In business, and especially in information security, parallax can be used to describe a few conditions that are detrimental to the organization. As can be seen in the following example, parallax can exist between various stakeholders or groups. Several years ago I was meeting with a prospective client regarding their PCI compliance efforts. In talking with the client it became apparent that the company had some major challenges with their information security controls that were not directly related to PCI DSS, but that exposed the organization to significant risk. I politely informed the client that PCI DSS compliance was important, but they had more fundamental issues that needed to be addressed. After outlining the identified challenges, the CIO looked at me and, although agreeing, said apologetically, “The board wants us to focus on PCI compliance.” 
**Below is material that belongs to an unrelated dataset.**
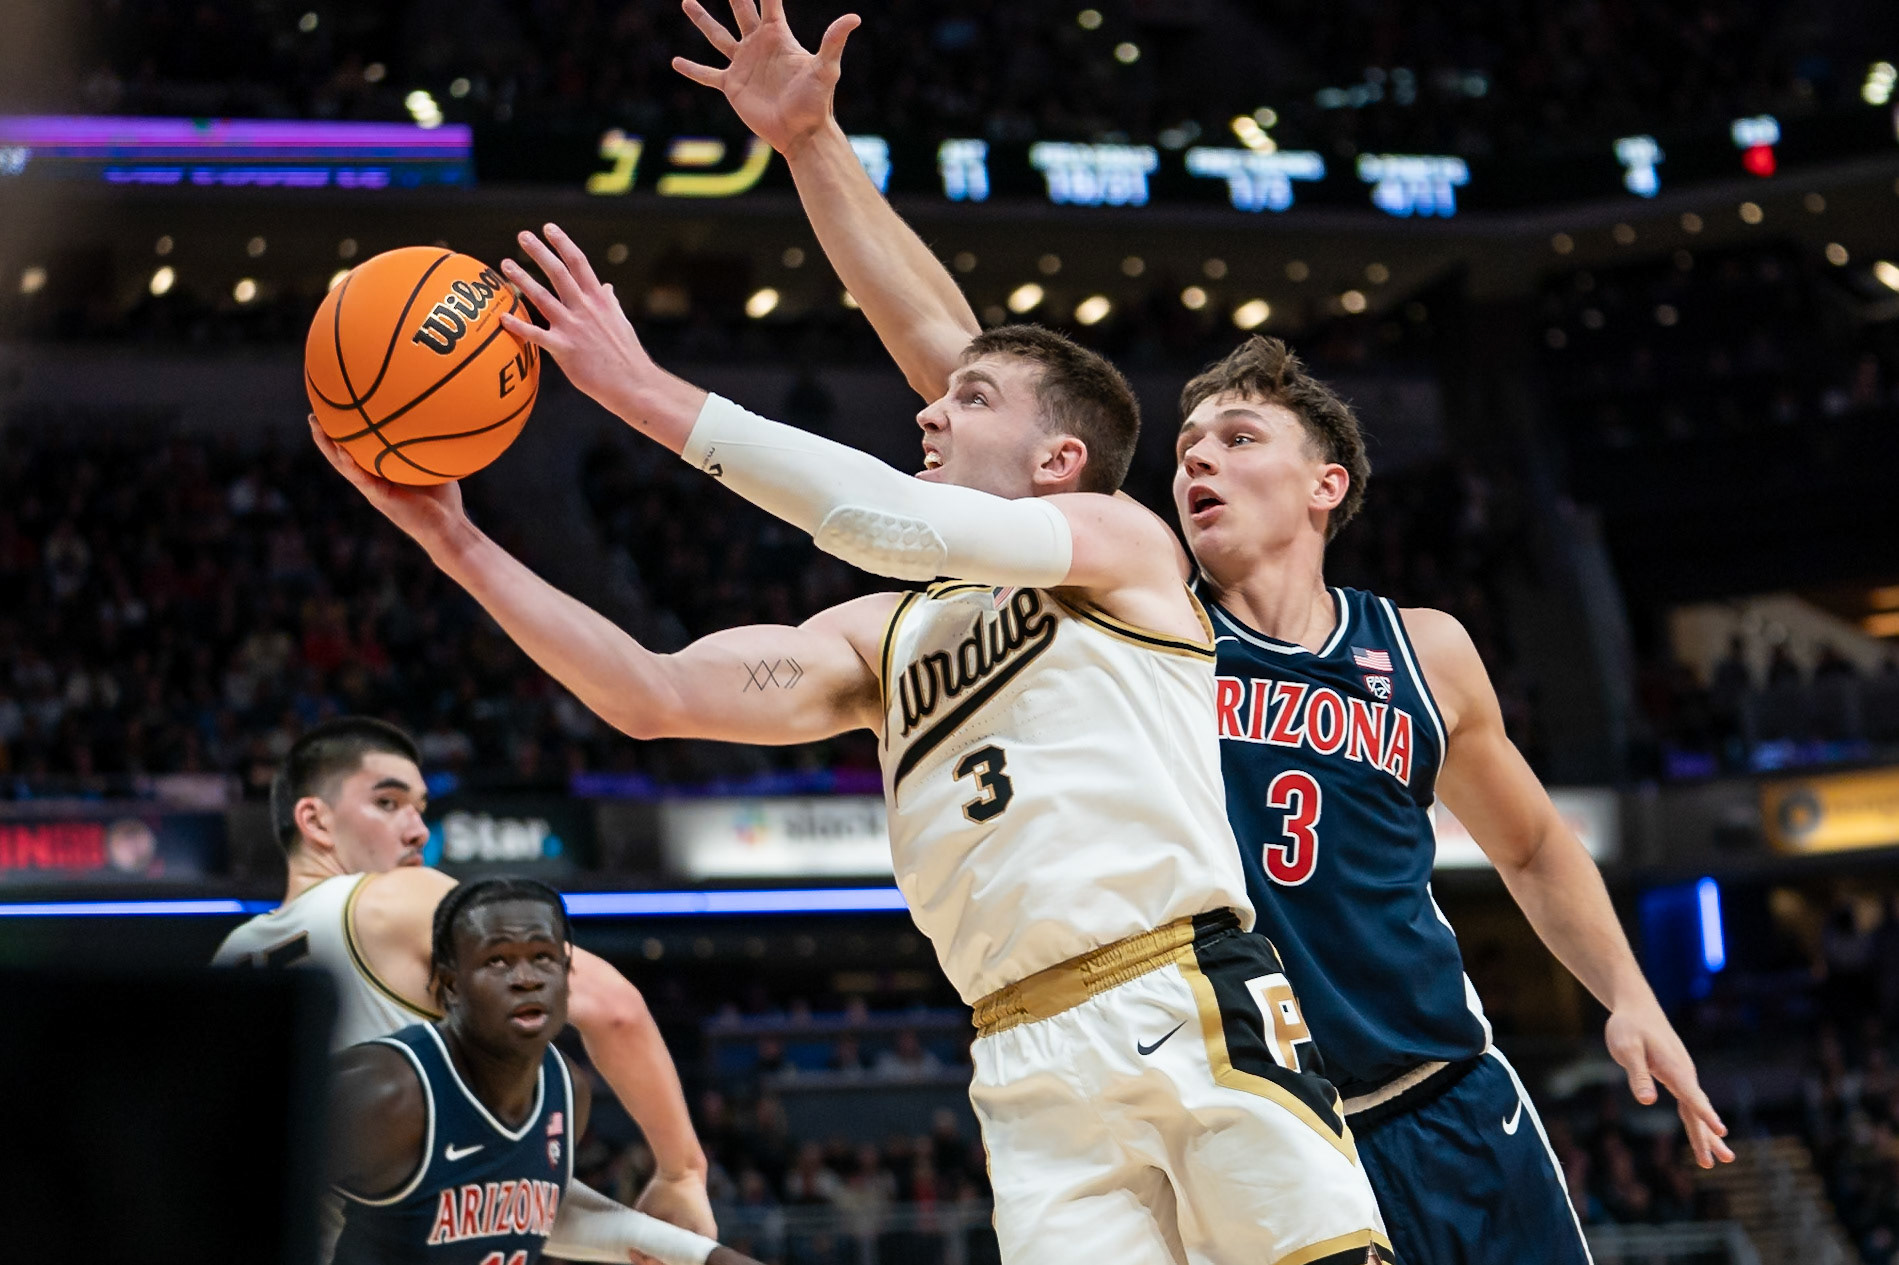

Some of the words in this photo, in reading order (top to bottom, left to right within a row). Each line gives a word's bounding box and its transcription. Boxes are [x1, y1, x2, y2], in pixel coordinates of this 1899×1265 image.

[952, 744, 1014, 825] 3
[1216, 675, 1413, 787] RIZONA
[1263, 770, 1322, 886] 3
This is an example of what can be described as parallax between the business and security groups. Parallax between groups occurs when the business and security groups do not share a common perspective on the threats facing the organization, thus creating differing focal planes. Business needs a convergence of vision to ensure that the corporate strategy is consistent and focused on the threats facing the organization, rather than simple adherence to a standard. It is not uncommon for one group to perceive the risk of non-compliance fines as the greatest risk because their perspective does not allow them to see the other risks.
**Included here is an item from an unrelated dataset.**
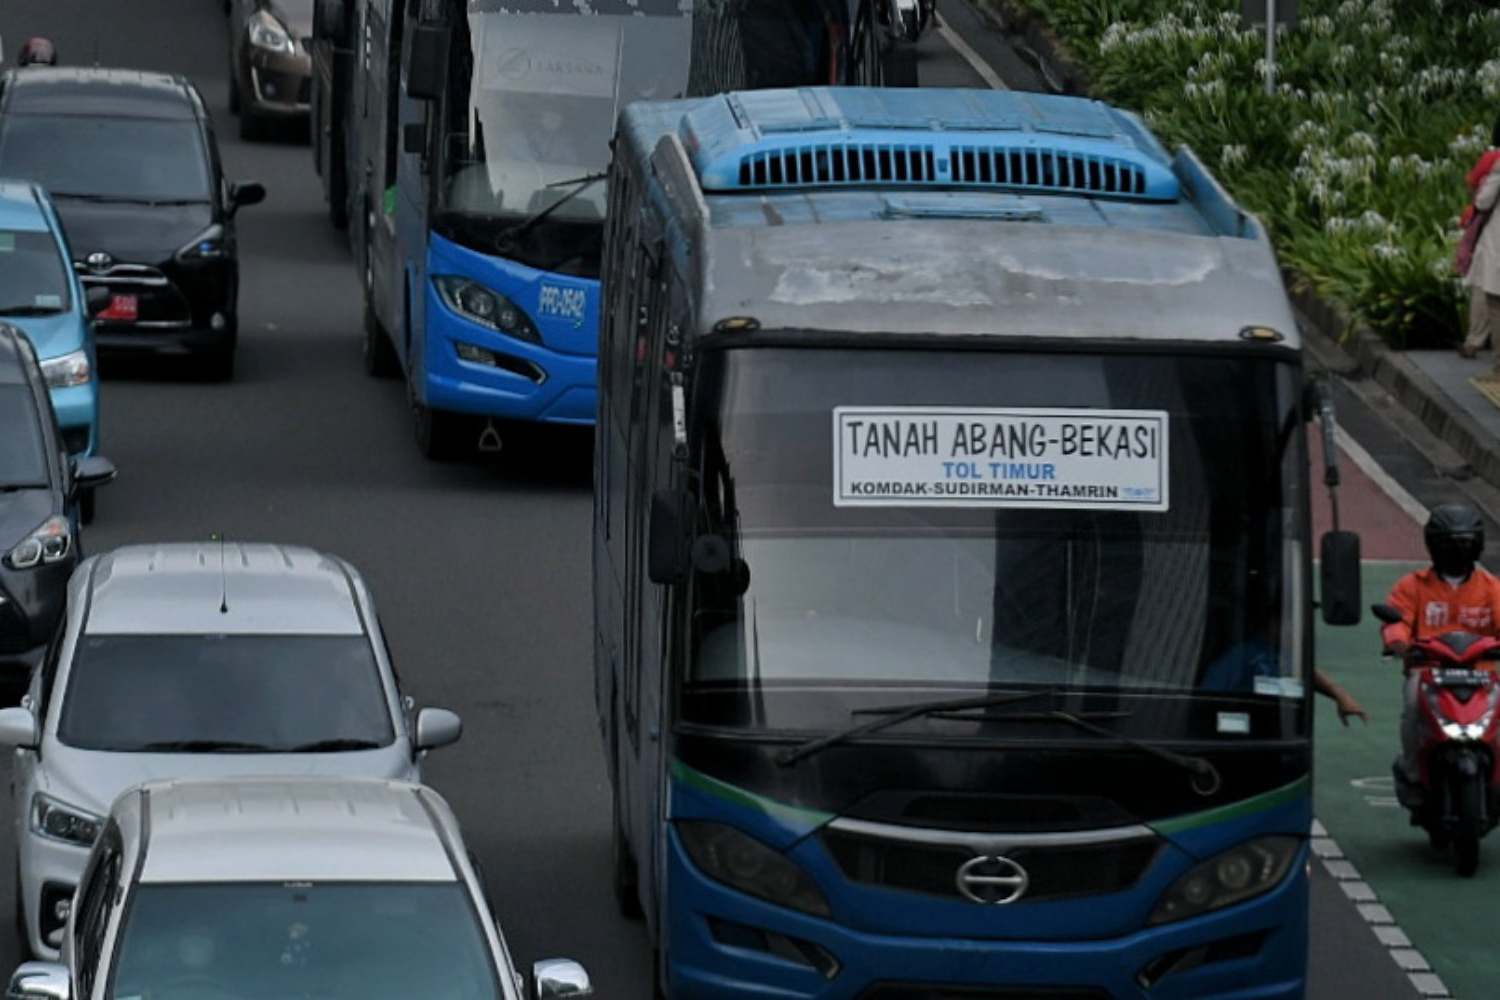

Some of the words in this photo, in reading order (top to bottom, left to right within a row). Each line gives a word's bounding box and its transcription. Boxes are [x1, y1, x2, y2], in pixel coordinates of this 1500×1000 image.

Parallax has the same effect even within groups. If one were to ask two security consultants or engineers who work for the same company to describe the risks to that organization, the chances are better than not that you would receive two different answers. The divergent answers are due to the differences in education, experiences, skills, and other factors that result in varying perspectives on the same situation. In much the same way that business units should find a way to unite the vision within the group, it is important for information security groups to establish processes to consider each perspective and adjust the parallax to ensure the visions converge, allowing the stakeholders to focus on the same object and address the threats appropriately   

Information security in 2013 requires a more focused approach than in previous years. Effective security management involves a coordinated effort of numerous stakeholders with differing view-points and perspectives. Companies need to identify a method to converge the perspectives in order to achieve a consistent method for quickly identifying and categorizing threats to the organization. The adaptability of the threats requires that organizations establish a process of continual evaluation and re-evaluation of the threats and the effectiveness of controls at countering those threats.